Posted 3/10/2010 4:32 AM (GMT 0)
Goodlife, I truly respect ,and appreciate all the care toward me and my endless problems. Trust me, I get sick of it as much as those hearing about it, lol.
My other alternative, is to simply not update my situation. That wouldnt really be my style, because in our world (PC), especially for newcomers, I think its critically important, that men understand the good and the bad. For those that jump into a primary treatment, its kind of hard to understand and comprehend the side effects and complications involved, particually we who underwent surgery.
I knew and expected issues with both ED and incontinence, and prior to surgery, my wife and I came to terms that I may be dealing with both issues short or long term, or even forever. With my strong Gleason 7, my age, and my velocity issues, we decided it was the best shot at curing or slowing down the beast. I still stick by that.
What new guys need to know, is that PC is a game that doesn't play fair. I was blessed with no ED, I never say that to rub it in, I feel for every man that deals with that and learns a new life of sex with pumps, drugs, and/or needles. I expected to be among them, I still consider it some kind of miracle. Incontinence for me in the normal sense of the word was very minimal, but now I realize, its because I had a stricture blockage issue going on right from the night of my main surgery. I have the opposite problem, instead of peeing too much, or dripping or leaking, I simply block up. So I feel for every brother here that has to live with long term incontinence, and for those that have to have slings installed and other devices.
The longer I am in this battle, the more wisdom I see for telling our new brothers, that if they have a low grade case, most of us agree on what that means, gleason 6, no serious velocity issue, no family history, 1-2 cores, low per cent cancer contained, etc, that they really ,really should consider some form of AS.

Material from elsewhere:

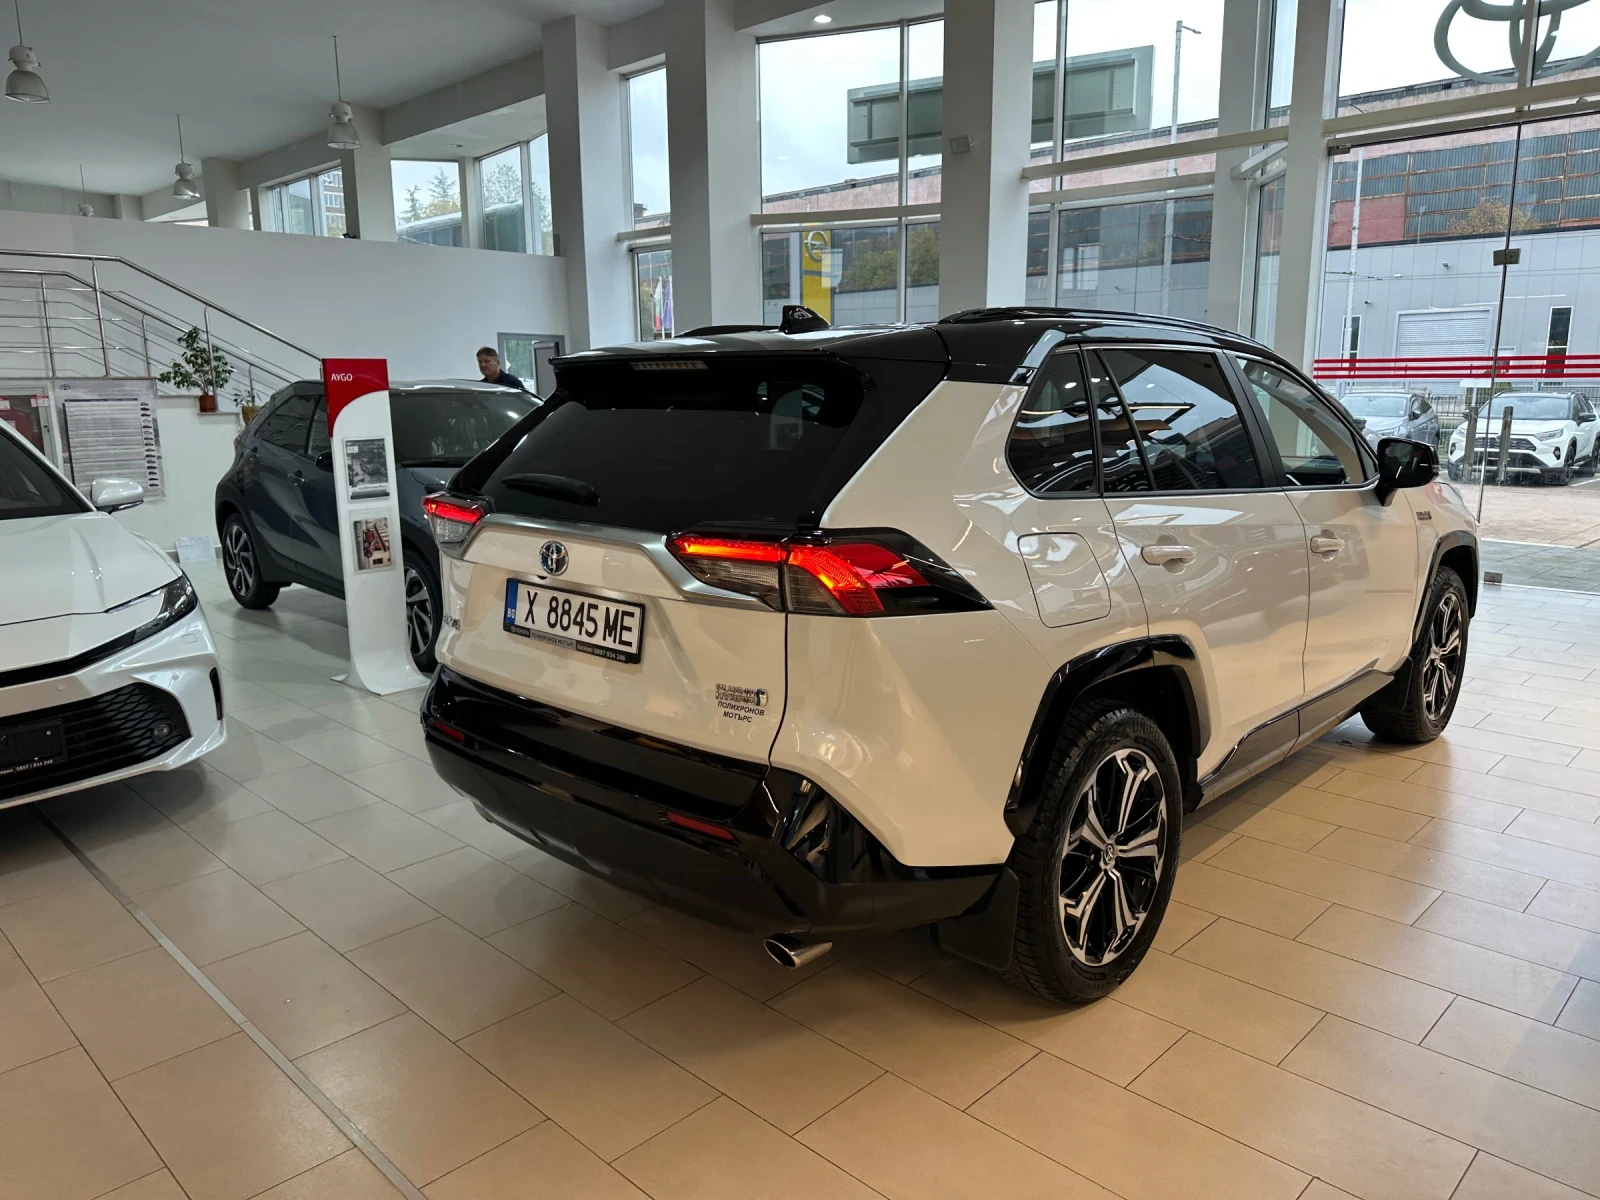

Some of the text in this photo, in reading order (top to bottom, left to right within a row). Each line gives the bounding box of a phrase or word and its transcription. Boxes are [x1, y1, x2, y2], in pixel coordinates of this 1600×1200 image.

Many of us had to have surgery, it truly was the best choice with the most hope. But for those with multiple options, again, directing this to our newer brothers, then they should think through what side effects and changes in quality of life issues really mean long term.

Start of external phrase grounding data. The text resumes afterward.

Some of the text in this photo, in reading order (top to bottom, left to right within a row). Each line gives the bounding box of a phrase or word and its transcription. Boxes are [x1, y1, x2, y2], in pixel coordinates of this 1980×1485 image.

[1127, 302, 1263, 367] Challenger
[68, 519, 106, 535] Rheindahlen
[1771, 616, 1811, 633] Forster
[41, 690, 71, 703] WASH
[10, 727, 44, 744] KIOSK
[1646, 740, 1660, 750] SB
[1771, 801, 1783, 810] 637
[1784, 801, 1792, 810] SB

I had admitted this freely here at HW, my worse crime is that I seriously underestimated the quirkiness and nastiness that PC can bring upon us, and the fact that there is no "normal" in almost any aspect of dealing with it.
Learn, learn, learn. Think, think, think. Then decide, in that order.
Thanks for your continued care and concern. This is my 161st day with a continuous catheter, my bladder neck aches like hell from todays "testing", so yes, I get a little cranky, and a little touchy and sometimes I tend to take things personal, since we dont have the privilge in our brotherhood of sitting face to face. But I appreciate one and all, and I really am ok to agree to disagree with people.